↓
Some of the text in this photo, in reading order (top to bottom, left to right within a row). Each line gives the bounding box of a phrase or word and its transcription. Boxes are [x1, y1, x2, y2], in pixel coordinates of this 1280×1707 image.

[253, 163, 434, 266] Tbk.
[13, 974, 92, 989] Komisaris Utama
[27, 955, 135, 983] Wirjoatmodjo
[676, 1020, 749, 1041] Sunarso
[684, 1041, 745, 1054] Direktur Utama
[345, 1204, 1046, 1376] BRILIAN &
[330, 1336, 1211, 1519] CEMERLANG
↑
↓
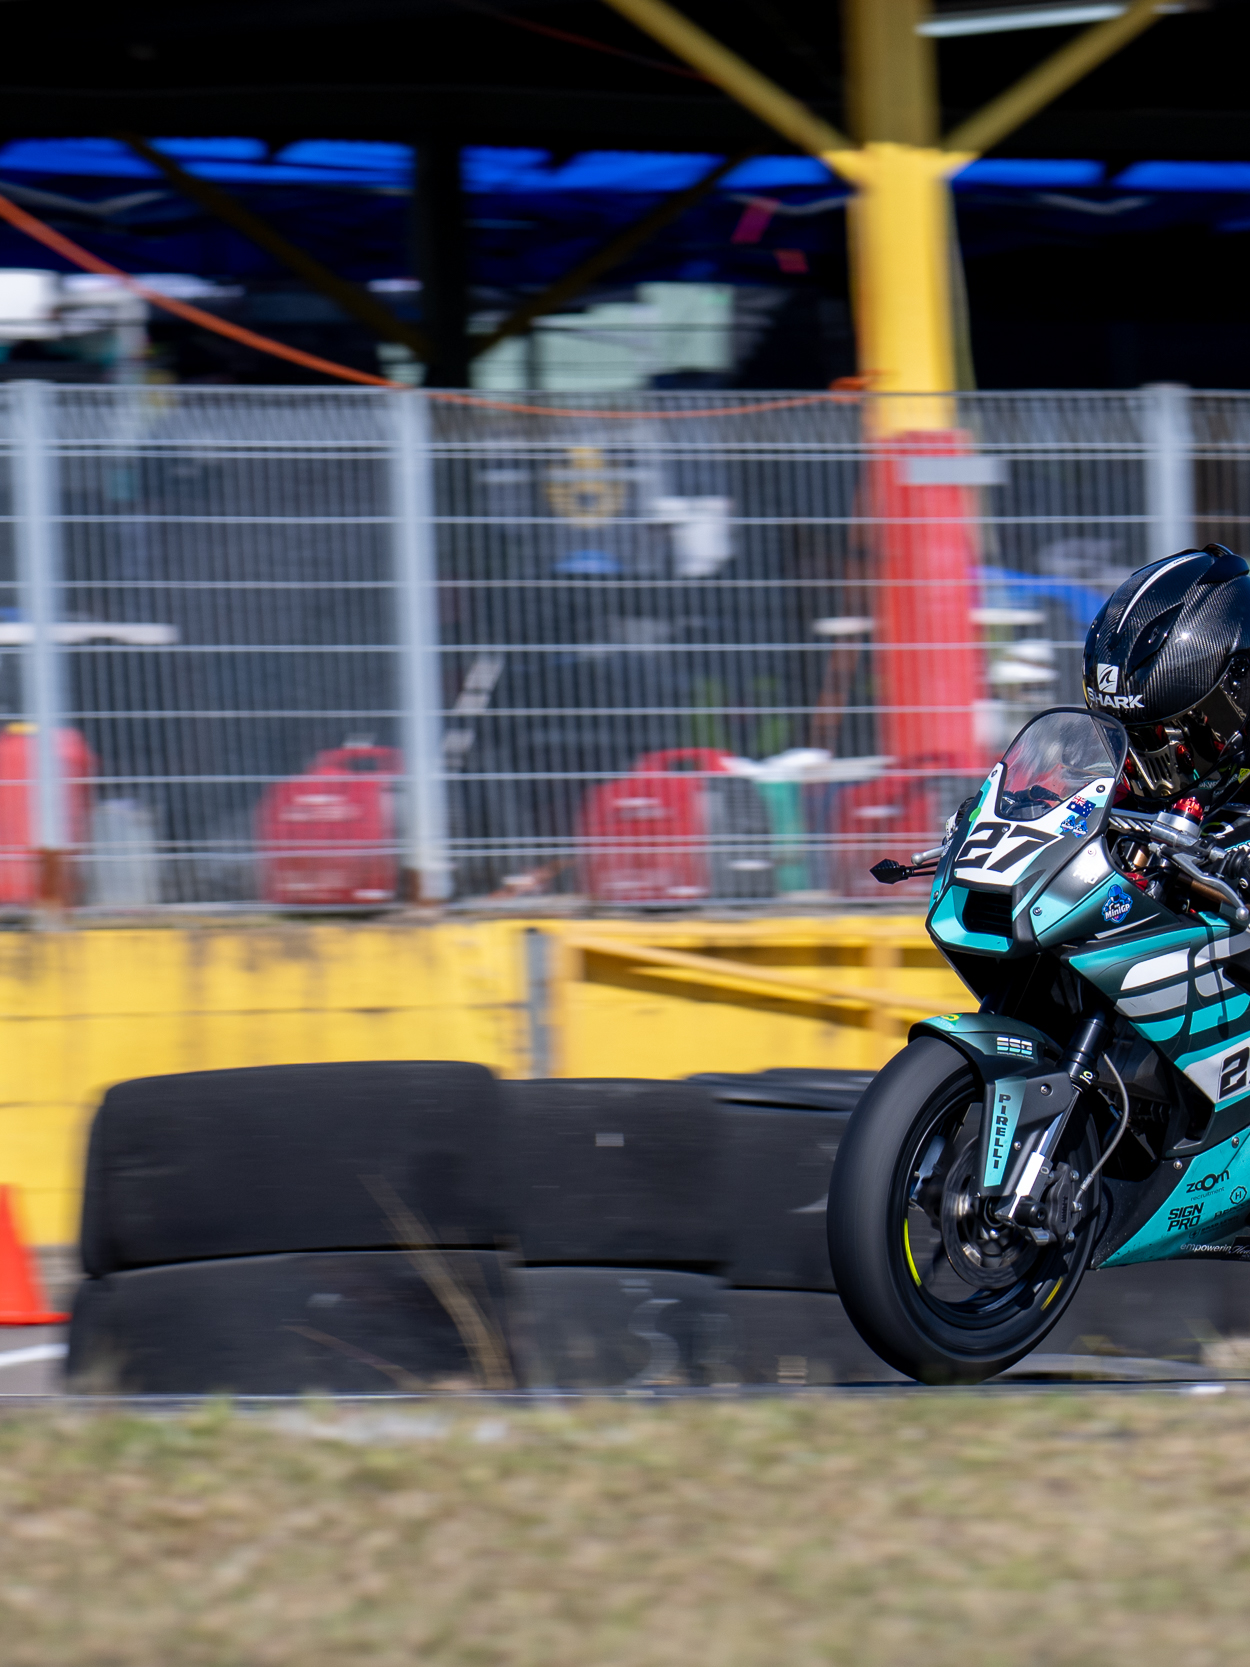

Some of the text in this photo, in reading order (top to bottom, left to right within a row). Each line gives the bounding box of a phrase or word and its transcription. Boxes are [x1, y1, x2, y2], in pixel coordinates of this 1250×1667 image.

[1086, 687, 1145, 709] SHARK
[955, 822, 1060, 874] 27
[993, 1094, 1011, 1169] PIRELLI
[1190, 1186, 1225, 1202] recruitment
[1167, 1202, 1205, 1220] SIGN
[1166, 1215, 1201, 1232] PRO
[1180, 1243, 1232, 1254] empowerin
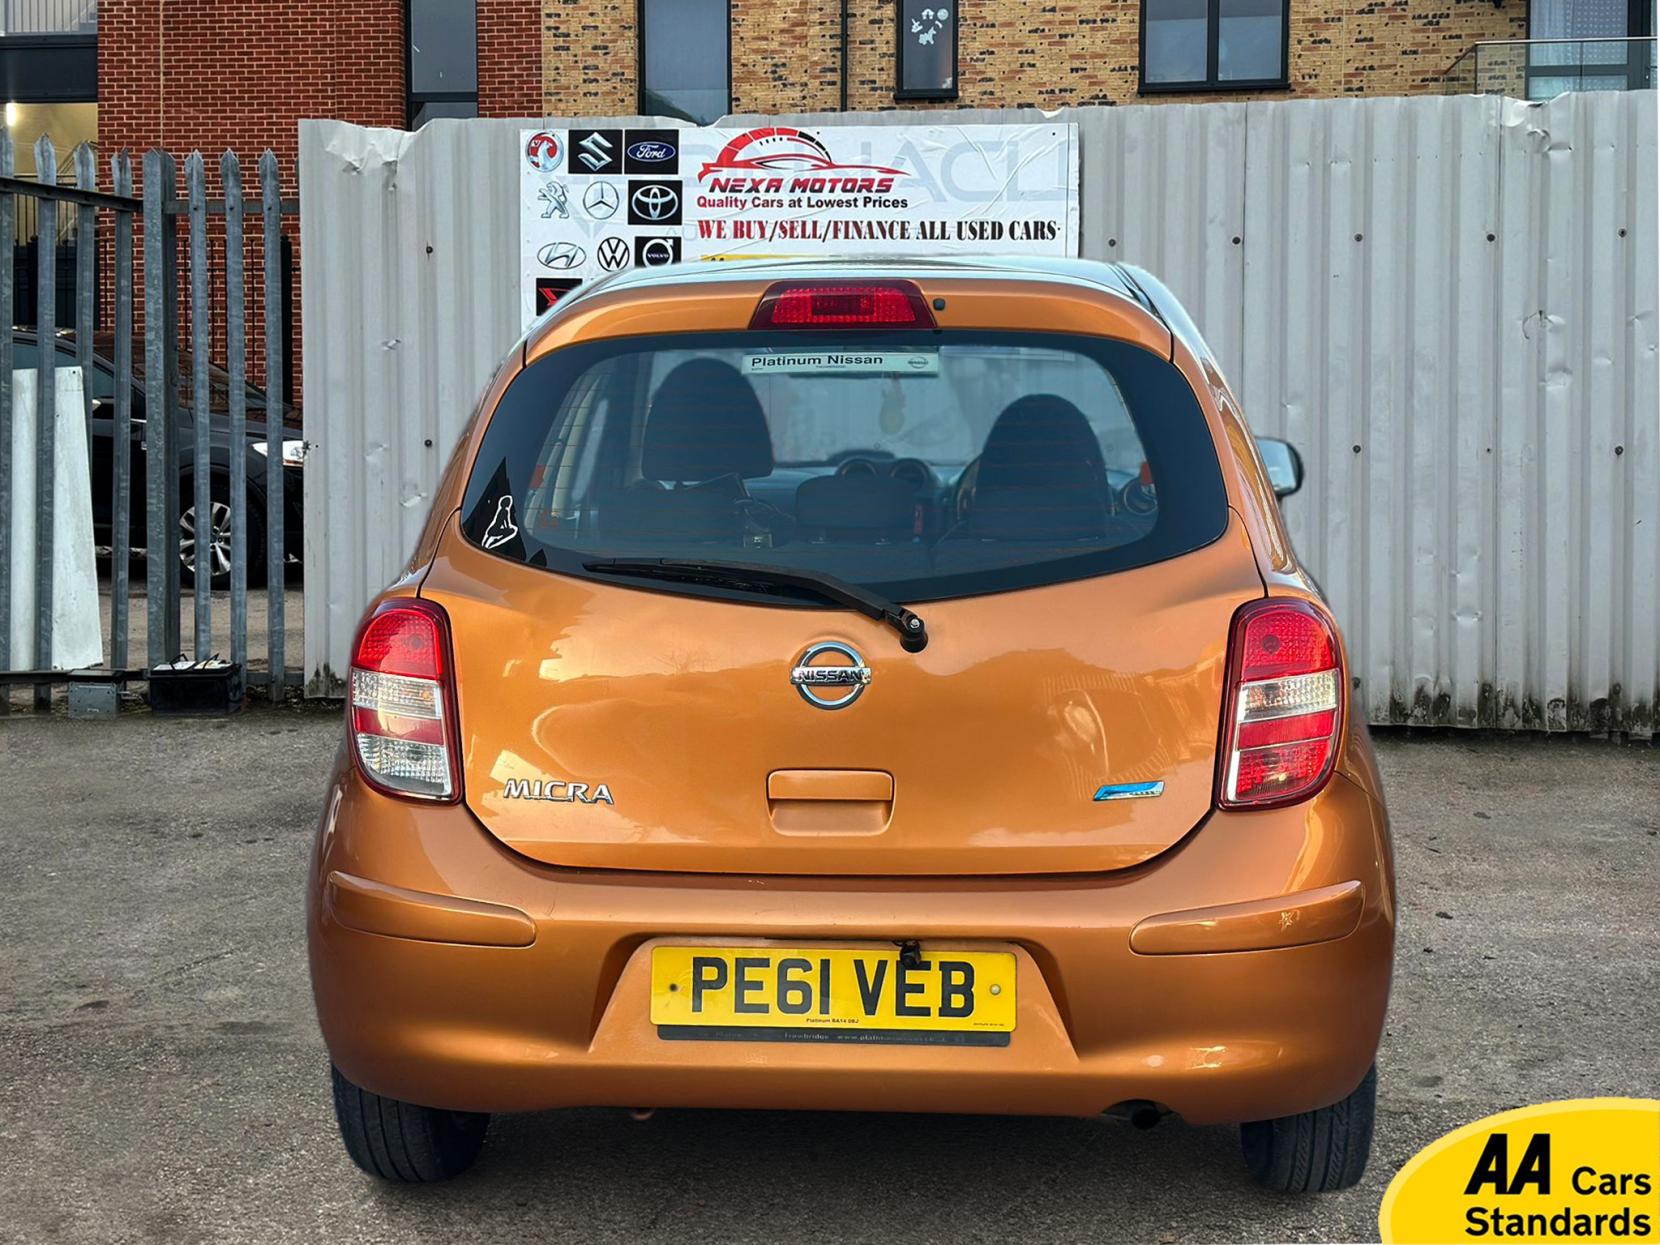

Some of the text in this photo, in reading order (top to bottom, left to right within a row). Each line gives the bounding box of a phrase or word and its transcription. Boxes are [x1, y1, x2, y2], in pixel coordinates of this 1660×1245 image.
↑
↓
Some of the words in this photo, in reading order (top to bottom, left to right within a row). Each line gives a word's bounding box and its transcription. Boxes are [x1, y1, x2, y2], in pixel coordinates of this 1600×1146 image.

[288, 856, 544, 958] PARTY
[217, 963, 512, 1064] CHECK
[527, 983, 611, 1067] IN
↑
* Task to complete *
Every line above between the one containing "this 1250×1667 image." and the one containing "this 1660×1245 image.", those two included, is to be printed exactly. No pictures go into the copy.

* Solution to this problem *
Some of the text in this photo, in reading order (top to bottom, left to right within a row). Each line gives the bounding box of a phrase or word and its transcription. Boxes are [x1, y1, x2, y2], in pixel coordinates of this 1250×1667 image.

[1086, 687, 1145, 709] SHARK
[955, 822, 1060, 874] 27
[993, 1094, 1011, 1169] PIRELLI
[1190, 1186, 1225, 1202] recruitment
[1167, 1202, 1205, 1220] SIGN
[1166, 1215, 1201, 1232] PRO
[1180, 1243, 1232, 1254] empowerin

Some of the text in this photo, in reading order (top to bottom, left to right within a row). Each line gives the bounding box of a phrase or word and its transcription. Boxes are [x1, y1, x2, y2], in pixel coordinates of this 1660×1245 image.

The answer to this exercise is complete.